(Records drawn from a dataset)
====================

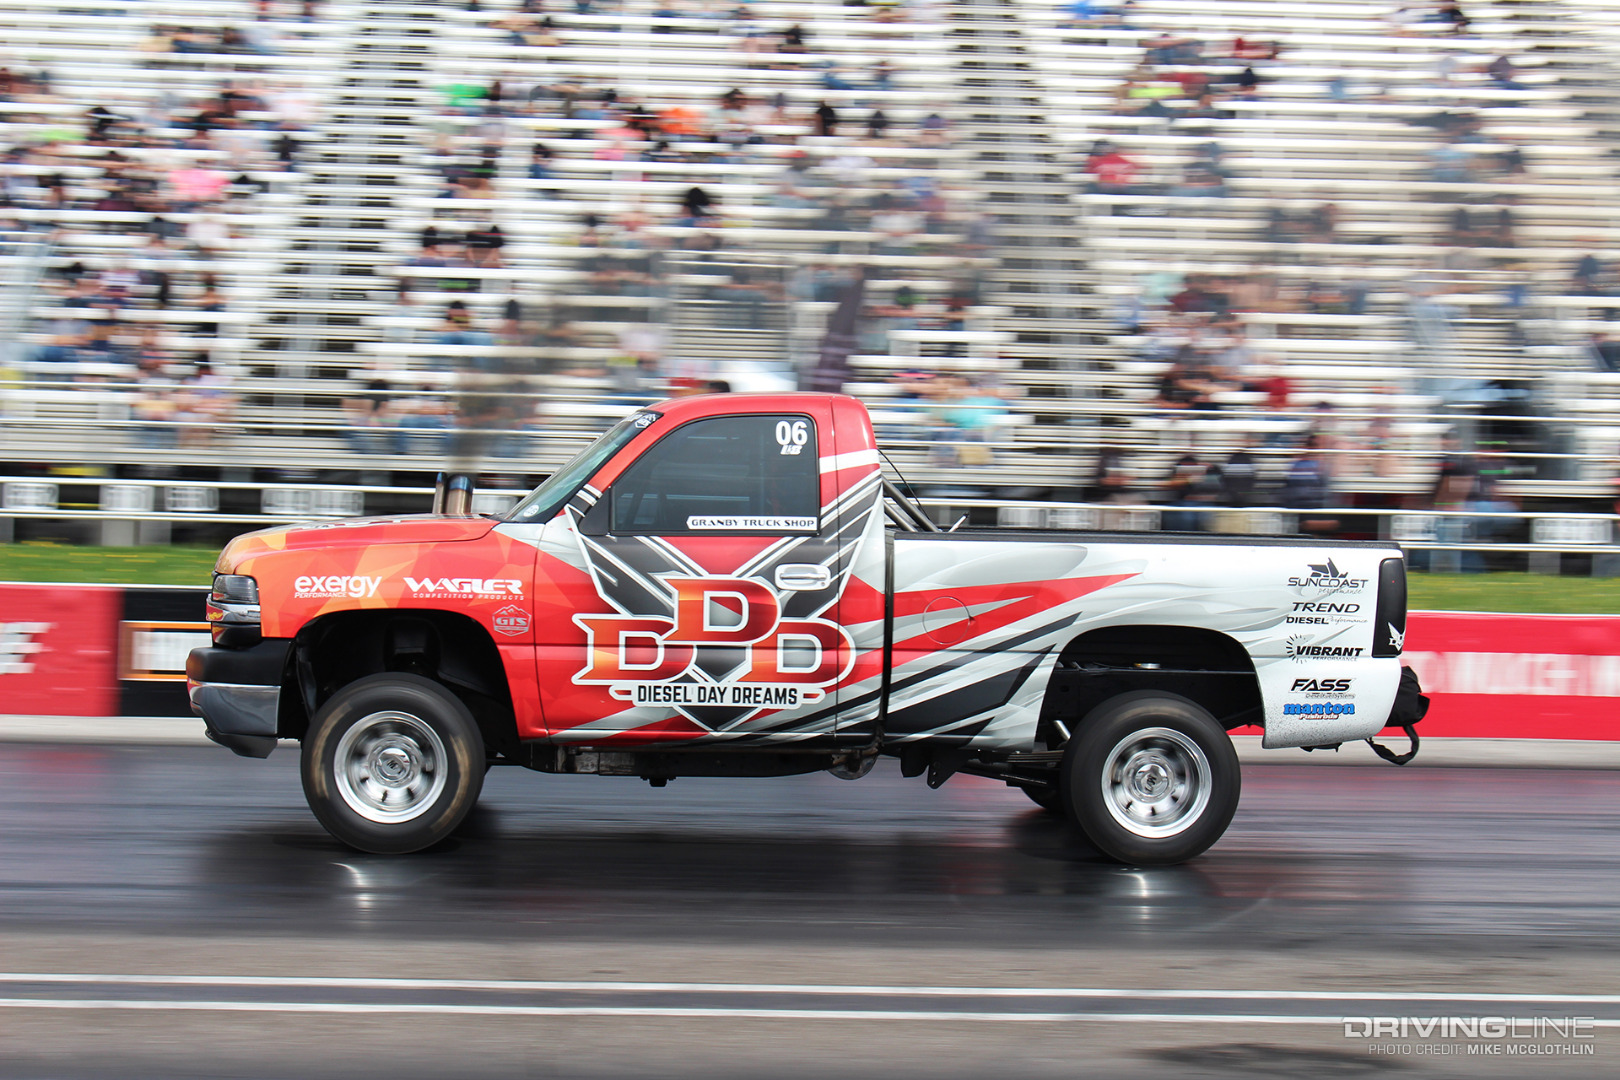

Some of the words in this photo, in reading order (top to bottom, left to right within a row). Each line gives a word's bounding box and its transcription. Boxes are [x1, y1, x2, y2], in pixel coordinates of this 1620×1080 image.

[775, 420, 808, 446] 06
[691, 518, 738, 527] GRANBY
[743, 518, 781, 527] TRUCK
[784, 519, 815, 527] SHOP
[294, 575, 382, 598] exergy
[403, 577, 523, 595] WAGLER
[1287, 577, 1369, 589] SUNCOAST
[1292, 602, 1361, 614] TREND
[496, 616, 527, 626] GTS
[1286, 616, 1330, 625] DIESEL
[1296, 645, 1364, 657] VIBRANT
[1290, 679, 1353, 692] FASS
[637, 685, 692, 703] DIESEL
[697, 686, 728, 704] DAY
[732, 687, 798, 705] DREAMS
[1283, 701, 1356, 715] manton

====================

__To do__:
Write out the data word for word, with every picture dropped.

__Written reply__:
Some of the words in this photo, in reading order (top to bottom, left to right within a row). Each line gives a word's bounding box and its transcription. Boxes are [x1, y1, x2, y2], in pixel coordinates of this 1620×1080 image.

[775, 420, 808, 446] 06
[691, 518, 738, 527] GRANBY
[743, 518, 781, 527] TRUCK
[784, 519, 815, 527] SHOP
[294, 575, 382, 598] exergy
[403, 577, 523, 595] WAGLER
[1287, 577, 1369, 589] SUNCOAST
[1292, 602, 1361, 614] TREND
[496, 616, 527, 626] GTS
[1286, 616, 1330, 625] DIESEL
[1296, 645, 1364, 657] VIBRANT
[1290, 679, 1353, 692] FASS
[637, 685, 692, 703] DIESEL
[697, 686, 728, 704] DAY
[732, 687, 798, 705] DREAMS
[1283, 701, 1356, 715] manton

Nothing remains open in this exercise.